Santaris reported yesterday intriguing antiviral HCV efficacy results from an ongoing phase IIa study of miravirsen, Santaris’ LNA-based antisense inhibitor of microRNA-122 (miR-122), miravirsen, an important host factor in HCV replication. Full interim results will be presented in a late-breaking oral session at the upcoming AASLD, The Liver Meeting.
The phase IIa study investigates 3, 5, and 7mg/kg of miravirsen, given weekly to treatment-naïve HCV patients subcutaneously for 29 days. According to the abstract, with the study now in the 3rd and last dose cohort, patients in the second, 5mg/kg cohort showed very encouraging mean reductions in viral plasma RNA levels from baseline of up to 2.5logs when miravirsen was given as a single agent compared to placebo control. 5 of the 9 miravirsen subjects had reductions of more than 2 logs (>100-fold) with viral RNA in one patient becoming undetectable 10 weeks after the dose. Although the cohorts were relatively small, 9:3 drug:placebo, almost all efficacy measurements reached statistical significance.
What was interesting is that the decline in viral titers was quite prolonged, with the biggest viral reductions being observed after treatment had finished. While having prolonged drug activity per se is positive, the gradual decline is not optimal as it increases the chance of selecting for escape mutants, a major issue in HCV treatment in general and reason why the industry is busy developing new HCV treatment options to be added to the arsenal. In fact, a recent study out of
Irrespective of the viral escape issue, slow clinical responses may also make it somewhat more difficult to integrate miravirsen into the newly emerging treatment paradigms, one aim of which is the reduction of treatment times. Here, RNAi Therapeutics would have an obvious advantage over miravirsen by acting much more rapidly than phosphorothioate antisense oligos which rely on tissue enrichment over time. This is also supported by the data that were recently reported by SomaGenics in collaboration with Tekmira and Roche.
On the safety front, the abstract noted the absence of drug-related serious adverse events. It did, however, note that among the supposed biomarker signals for anti-122 efficacy was an elevation of alkaline phosphatase (ALP) levels. ALP elevations are normally considered a marker of liver injury similar to ALT/AST, so I am not really sure how why this is not considered a safety signal.
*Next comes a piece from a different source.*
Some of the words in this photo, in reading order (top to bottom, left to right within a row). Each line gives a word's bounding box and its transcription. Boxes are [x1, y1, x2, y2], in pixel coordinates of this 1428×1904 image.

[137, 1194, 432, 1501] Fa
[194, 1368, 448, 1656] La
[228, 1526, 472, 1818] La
We will therefore have to for the conference presentation to learn more about the safety profile of miravirsen.
Overall, with the demonstration of antiviral activity and reductions in cholesterol levels which further support functional inhibition of miR-122, the abstract marks an important milestone in the development of microRNA Therapeutics: The first unambiguous demonstration of MicroRNA Therapeutic activity in Man.
Roche AASLD RNAi Therapeutics abstracts: HCV and LNP
Roche will present at the AASLD meeting on two RNAi Therapeutics studies. Both studies involve LNP01, which I assume involves ‘lipidoid’ LNP delivery chemistry. In one study, Roche and their academic collaborators targeted a host factor believed to be involved in the development of HCV drug resistance, especially to the interferons which are at the risk of becoming replaced and, unsurprisingly, Roche would like to revive that franchise. The abstract, together with the recent SomaGenics/Tekmira revelations, further demonstrates that Roche had been quite interested in RNAi Therapeutics for HCV. It also makes me think that maybe Novartis has not picked HCV as a target under Alnylam IP which would e.g. allow Tekmira to step into the void- well, if it saw any reason to do so, maybe out of strategic considerations.
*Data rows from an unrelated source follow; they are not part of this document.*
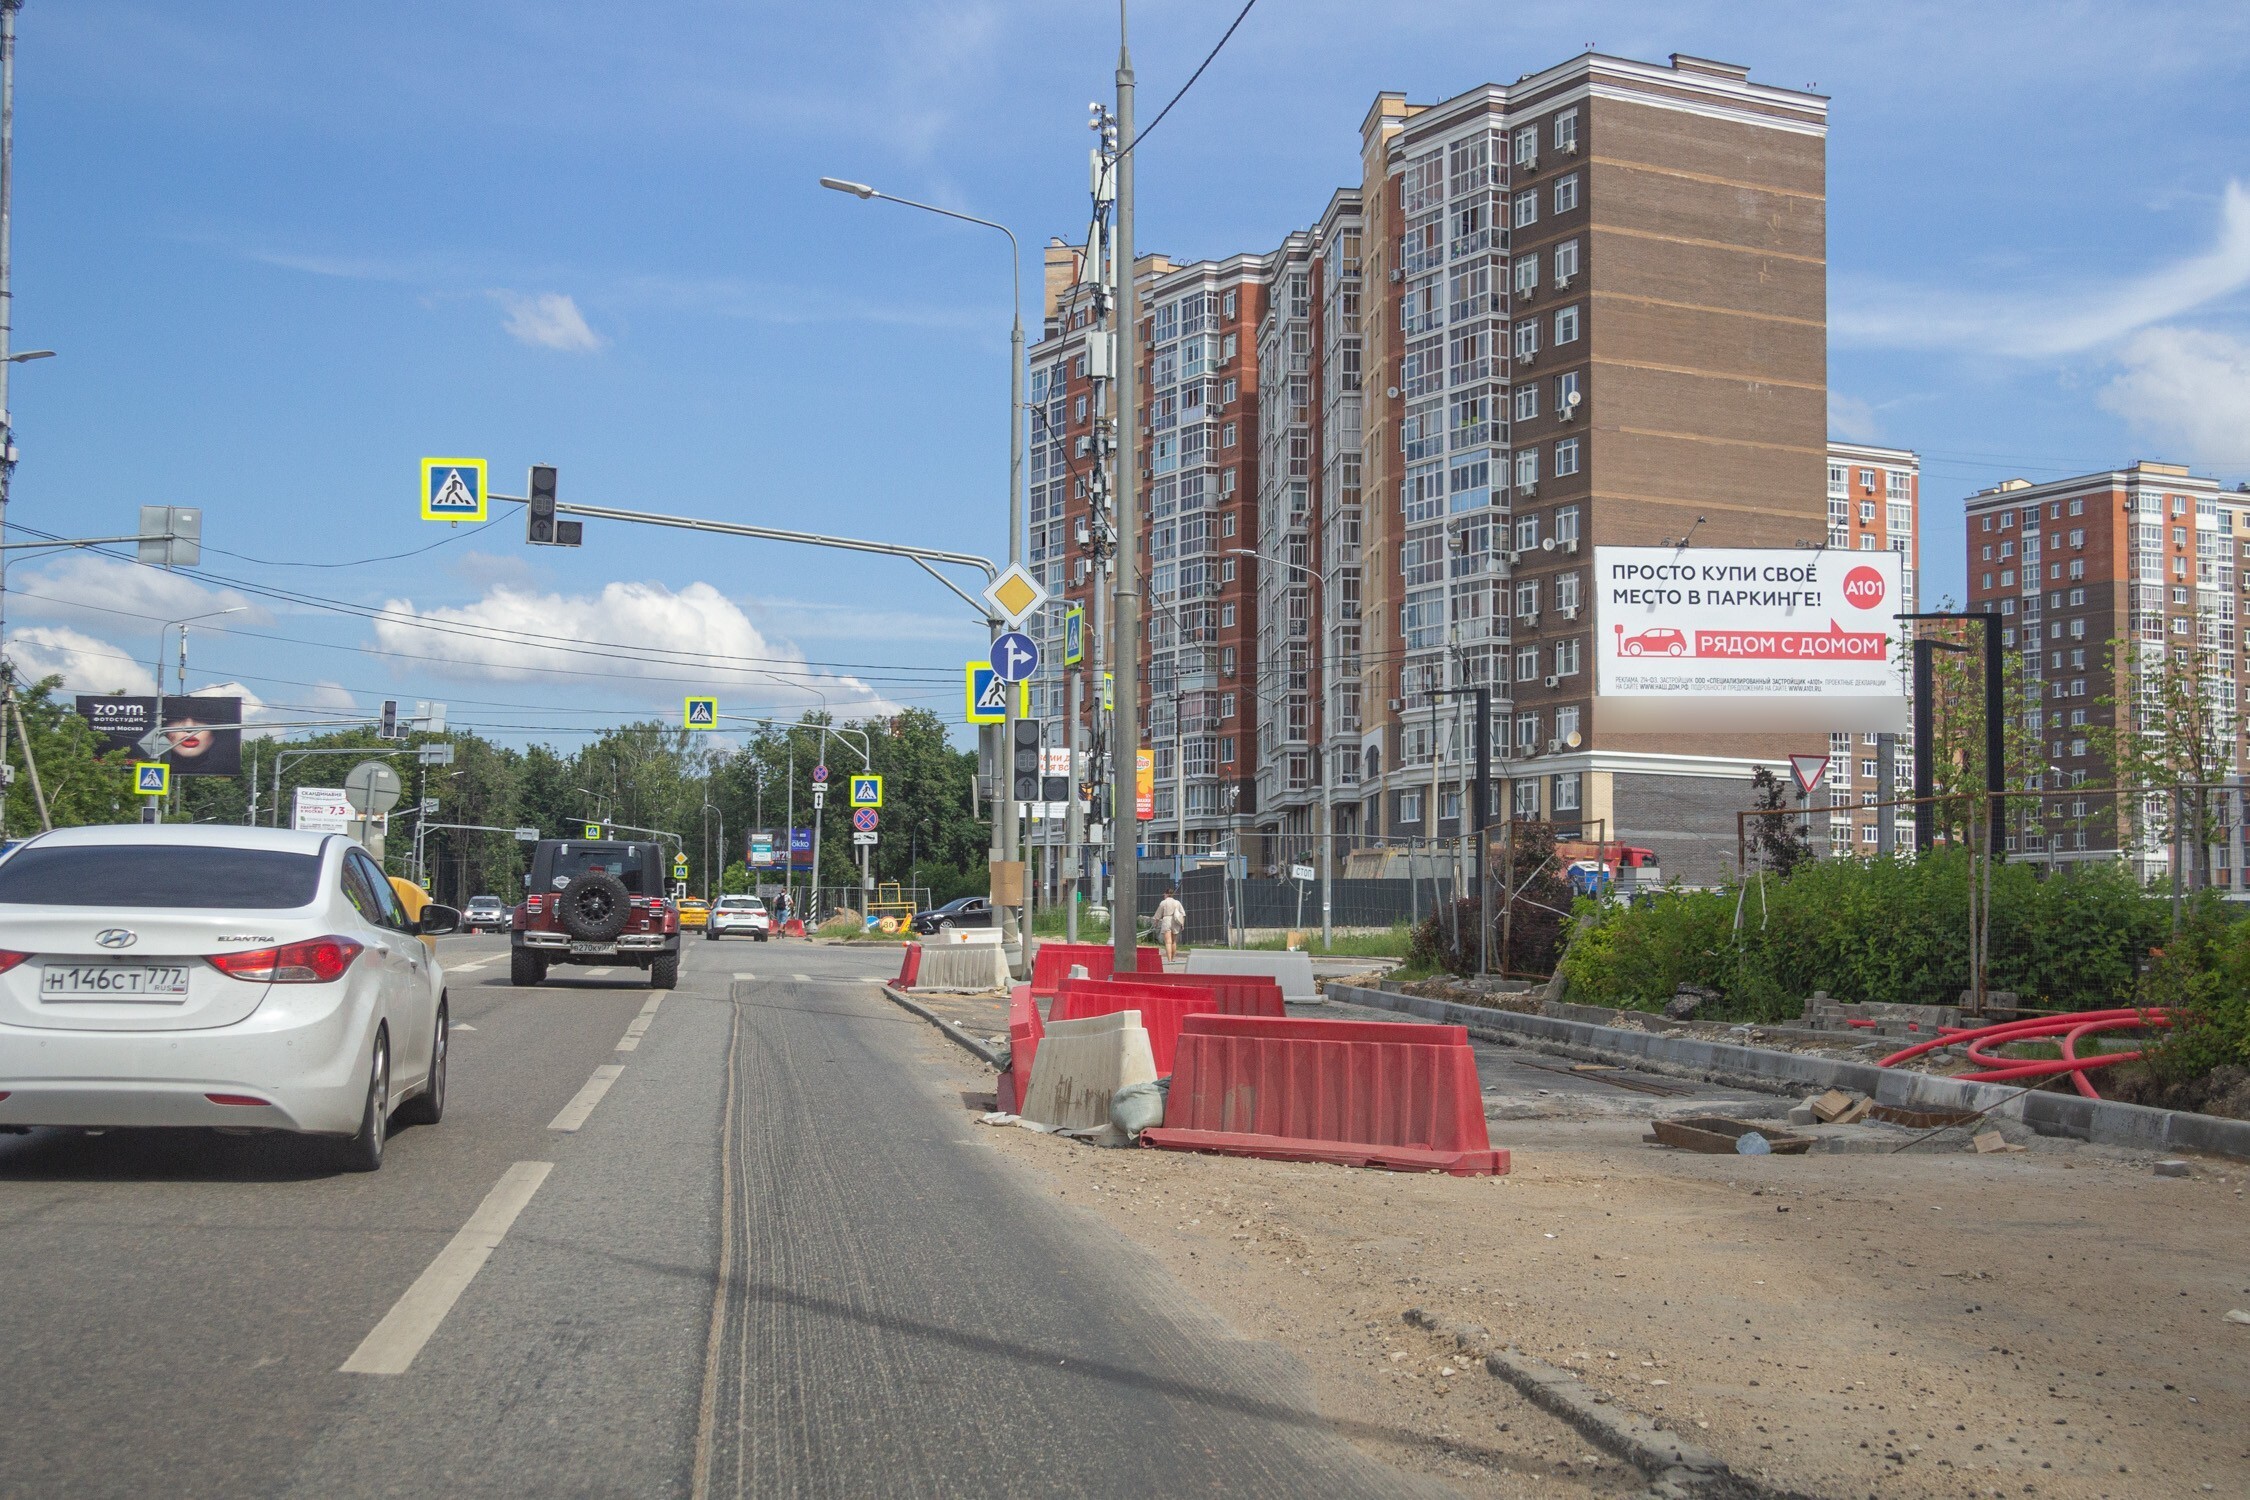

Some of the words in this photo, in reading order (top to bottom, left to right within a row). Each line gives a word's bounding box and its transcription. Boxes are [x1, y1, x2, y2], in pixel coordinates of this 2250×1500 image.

[1612, 564, 1697, 581] ПРОСТО
[1702, 565, 1757, 582] КУПИ
[1763, 562, 1818, 583] СВОЁ
[1845, 579, 1883, 597] А101
[1613, 588, 1682, 605] МЕСТО
[1688, 589, 1701, 605] В
[1706, 589, 1822, 607] ПАРКИНГЕ!
[1701, 635, 1776, 656] РЯДОМ
[1781, 637, 1795, 653] С
[1798, 637, 1879, 657] ДОМОМ
[1772, 677, 1806, 685] ЗАСТРОЙЩИК
[1295, 867, 1313, 878] СТОП
[217, 935, 276, 943] ELANTRA
[50, 968, 142, 990] Н146СТ
[147, 967, 181, 985] 777
The other abstract concerned potential innate immune stimulation elicited by LNPs. Consistent with what had already been known or suspected, TLR7/8 are the major innate immune receptors and cause of LNP hepatotoxicity, and this can be alleviated by simple 2’-O-methylation as demonstrated before by Tekmira before. What was particularly nice though in this particular study was that with the use of TLR3 knockout mice, TLR3 can now essentially be excluded as a significant tox factor for LNP delivery.